The Memory Police
Page 20
“It’s a harmonica,” R said, when he was finished.
“Har-mo-ni-ka,” I repeated, as though drinking each syllable from his mouth. “It’s a romantic name, don’t you think? The kind you’d give to a fluffy, snow-white kitten.”
“It’s a musical instrument,” he said, handing it to me. Once it was in my hand, I could feel just how small it was. The metal was tarnished in places, but it glinted silver in the lamplight. In the middle were letters that must have been the name of the company that had made it. On the side where R’s mouth had been were two even rows of holes like a honeycomb.
“You try,” he said.
“Me? I can’t play it.”
“Why not? I’m sure you must have played it when you were young. Why else would your mother have bothered to keep it safe? Go ahead, give it a try. It’s simple, just like breathing.”
I hesitated a moment but then put the harmonica to my lips. I could feel a bit of warmth lingering from his mouth. A light puff of air produced a louder sound than I’d imagined, and I pulled it away in surprise.
“You see how easy it is?” He smiled. “This is ‘do.’ Next is ‘re.’ Then ‘mi.’ If you just keep blowing in and out, you’ll be able to play a scale.”
Then he played several tunes, some I knew and some I didn’t, but they seemed to calm me either way. It had been a long time since I’d held a musical instrument or heard one played, a long time since I’d forgotten their very existence. But now I remembered that I’d taken organ lessons when I was a girl. My teacher had been a fat woman with something of a temper, and when she tested me on scales—always my weakness—I had cowered down behind the keyboard cover. I had no ear for music and could never tell the difference between do, mi, so and re, fa, la. When I had to play with a group, I would just move my fingers without actually pressing the keys, to avoid ruining the performance. I carried my sheet music in a bag my mother had made, with an appliqué of a bear cub with an apple perched on its head.
I wondered where the organ and that bag had gone. I remembered that the organ had been expensive and my mother had grumbled when I’d quit my lessons after less than a year. For a time, she had draped a sheet over it and had used it as a stand for one of her sculptures, but at some point it vanished. I suppose, over time, that happened to lots of things, even without the disappearances…
He continued to play, his left shoulder drooping slightly, his eyes shaded. His hair hung down over his brow. He played extremely well, without ever making a mistake, and he seemed to know any number of tunes, from bright and fast to slow and gloomy.

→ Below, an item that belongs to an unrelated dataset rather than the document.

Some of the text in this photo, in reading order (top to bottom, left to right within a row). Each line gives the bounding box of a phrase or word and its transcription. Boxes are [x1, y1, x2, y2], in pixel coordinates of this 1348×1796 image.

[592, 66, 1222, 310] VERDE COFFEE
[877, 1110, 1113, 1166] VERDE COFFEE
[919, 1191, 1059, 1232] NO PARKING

From time to time he handed me the harmonica and asked me to play again. I hesitated, embarrassed at my lack of skill, but he told me he wanted to take a break, to be the audience for a while. So I sounded out the children’s songs my nurse had taught me or the tune we had used to count for tiddlywinks. It was painfully slow, and I had no idea where to find fa or ti or how to judge the intervals, and since I wasn’t used to the breathing, I produced sounds that were too loud or that were so soft and tremulous that they threatened to fade away. Still, when I had finished playing a song, R would applaud my effort.
The room was ideally suited to playing the harmonica. There were no noises from outside to disturb us, no telephone ringing, no one to come calling, and the sound spread to every corner. We could shut ourselves in for as long as we liked—the old man was sleeping downstairs in the tatami-mat room. Closed off as it was, the hidden room could become stuffy, and it was sometimes difficult to breathe by the end of a long tune, but then we would stand together near the ventilator fan and take deep breaths.

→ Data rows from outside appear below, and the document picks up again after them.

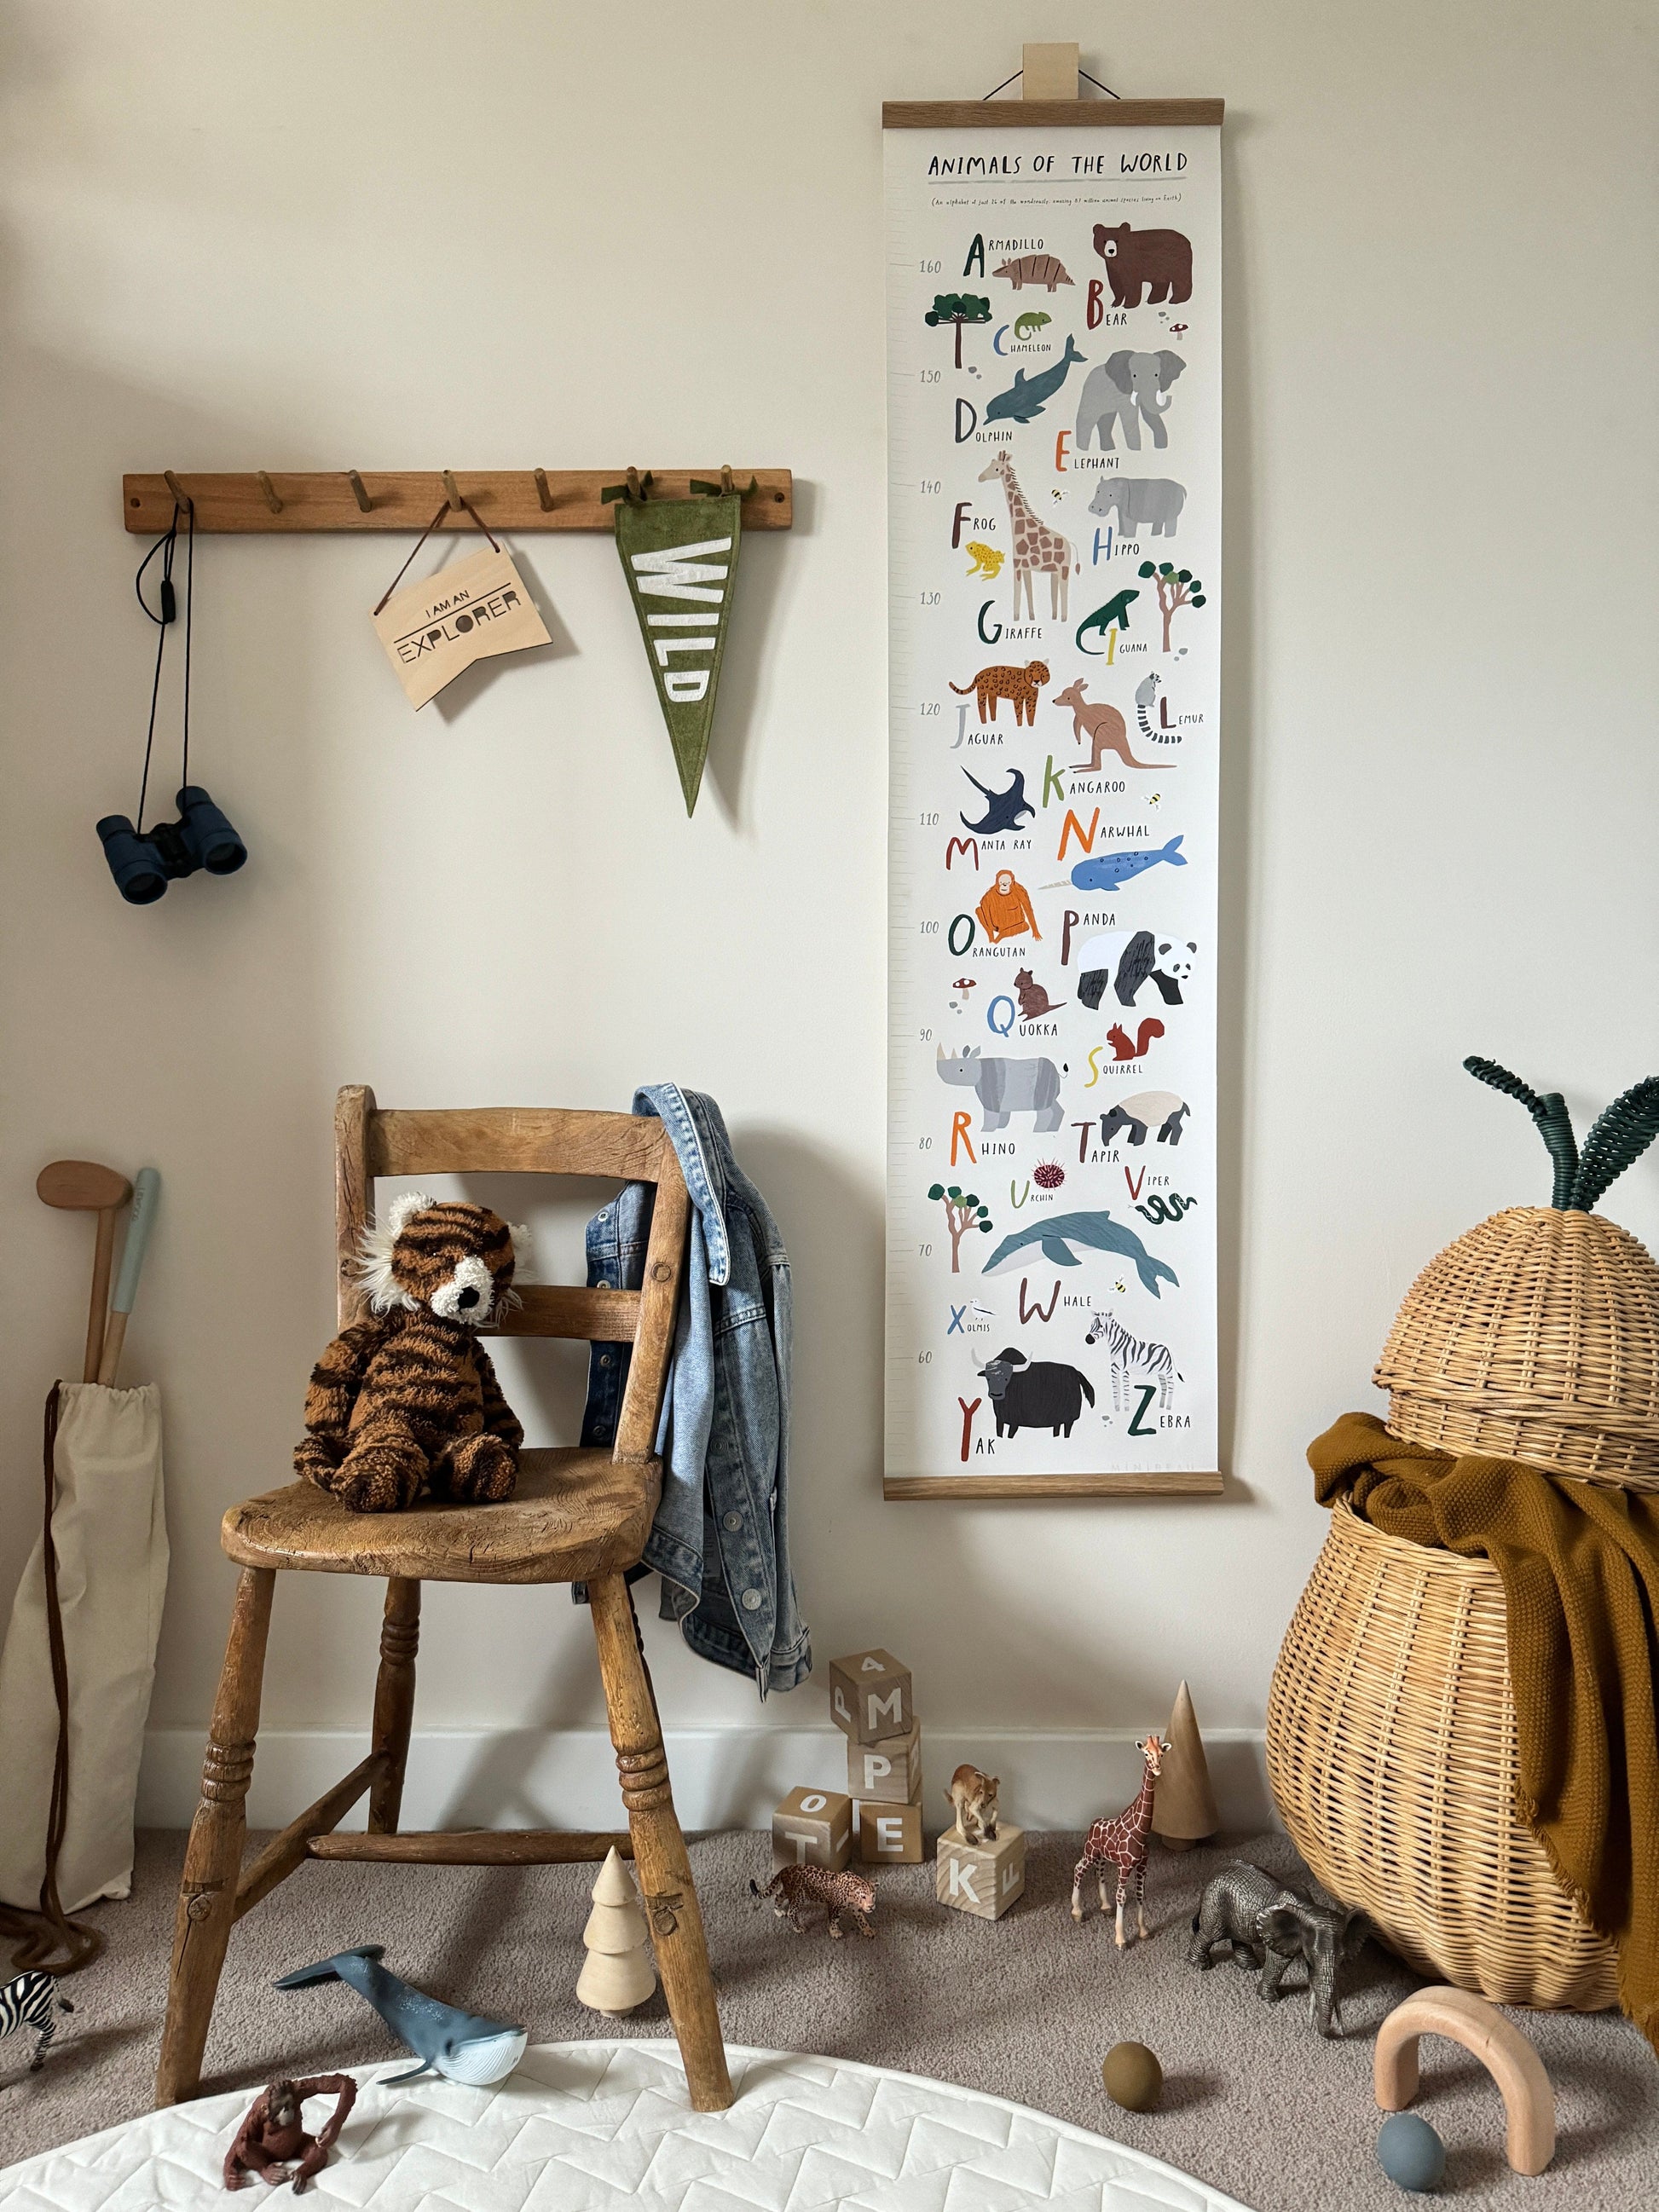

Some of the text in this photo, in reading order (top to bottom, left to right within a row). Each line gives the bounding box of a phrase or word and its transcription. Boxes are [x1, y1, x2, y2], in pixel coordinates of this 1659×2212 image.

[928, 153, 1188, 176] ANIMALS OF THE WORLD
[920, 261, 941, 273] 160
[963, 234, 1043, 278] ARMADILLO
[1087, 280, 1127, 330] BEAR
[994, 325, 1051, 355] CHAMELEON
[921, 371, 940, 383] 150
[955, 398, 1013, 443] DOLPHIN
[1055, 430, 1119, 471] ELEPHANT
[921, 481, 940, 493] 140
[951, 502, 996, 549] FROG
[1093, 527, 1140, 564] HIPPO
[425, 590, 470, 618] I AM AN
[921, 592, 940, 604] 130
[397, 591, 521, 664] EXPLORER
[630, 537, 731, 702] WILD
[978, 600, 1042, 644] GIRAFFE
[920, 703, 939, 715] 120
[1160, 696, 1204, 729] LEMUR
[1042, 755, 1125, 808] KANGAROO
[920, 814, 939, 826] 110
[1057, 807, 1149, 861] NARWHAL
[945, 837, 1032, 870] MANTA RAY
[920, 922, 939, 934] 100
[948, 914, 1026, 956] ORANGUTAN
[1061, 910, 1116, 965] PANDA
[987, 996, 1058, 1037] QUOKKA
[920, 1030, 932, 1041] 90
[919, 1138, 932, 1149] 80
[951, 1112, 1015, 1166] RHINO
[1071, 1122, 1119, 1163] TAPIR
[1010, 1180, 1054, 1209] URCHIN
[1124, 1166, 1170, 1200] VIPER
[919, 1245, 932, 1256] 70
[1020, 1278, 1092, 1324] WHALE
[918, 1352, 932, 1363] 60
[1128, 1384, 1190, 1436] ZEBRA
[958, 1397, 996, 1461] YAK
[861, 1656, 886, 1672] A
[868, 1688, 902, 1730] M
[864, 1754, 891, 1789] P
[800, 1794, 826, 1812] O
[785, 1832, 818, 1864] T
[876, 1817, 903, 1851] E
[949, 1858, 981, 1904] K

When we had played every song we knew, we set the harmonica back on the bed and turned to the last of the objects that had been hidden in the statues. R opened the plastic bag and emptied the white pills into his hands. The bag was yellowed and had turned brittle with age, but the contents seemed unharmed.

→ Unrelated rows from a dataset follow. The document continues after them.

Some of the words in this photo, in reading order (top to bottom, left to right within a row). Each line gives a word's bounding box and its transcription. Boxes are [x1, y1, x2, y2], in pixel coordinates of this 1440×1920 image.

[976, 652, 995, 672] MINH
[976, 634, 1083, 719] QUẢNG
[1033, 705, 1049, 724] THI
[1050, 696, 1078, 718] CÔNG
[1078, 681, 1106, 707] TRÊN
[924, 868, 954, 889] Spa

“Is it medicine?” I asked.
“No, it’s called ramune. I’m impressed that your mother tried to preserve something as ordinary as this.” The tablets were round and dusted with white powder, with a slight depression in the middle. He picked up one of them with great tenderness and slipped it suddenly between my lips. Startled, I covered my mouth with my hands, as R grinned.
It was so sweet it burned, but as soon as I moved my tongue to try to taste it, it dissolved instantly.
“Did you like it?” he asked. The flavor had been so sudden and powerful that I merely nodded, unwilling to open my mouth and risk losing the lingering sweetness. “It’s a lemon-flavored candy. When we were children, all the stores sold them and there were countless ramune on the island, but now there are only these few left here.”
R popped one of the remaining tablets in his mouth. No doubt it dissolved as quickly as mine had, but he continued to sit quietly and stare at the few left in his hand. I’m not sure how long we sat there in silence.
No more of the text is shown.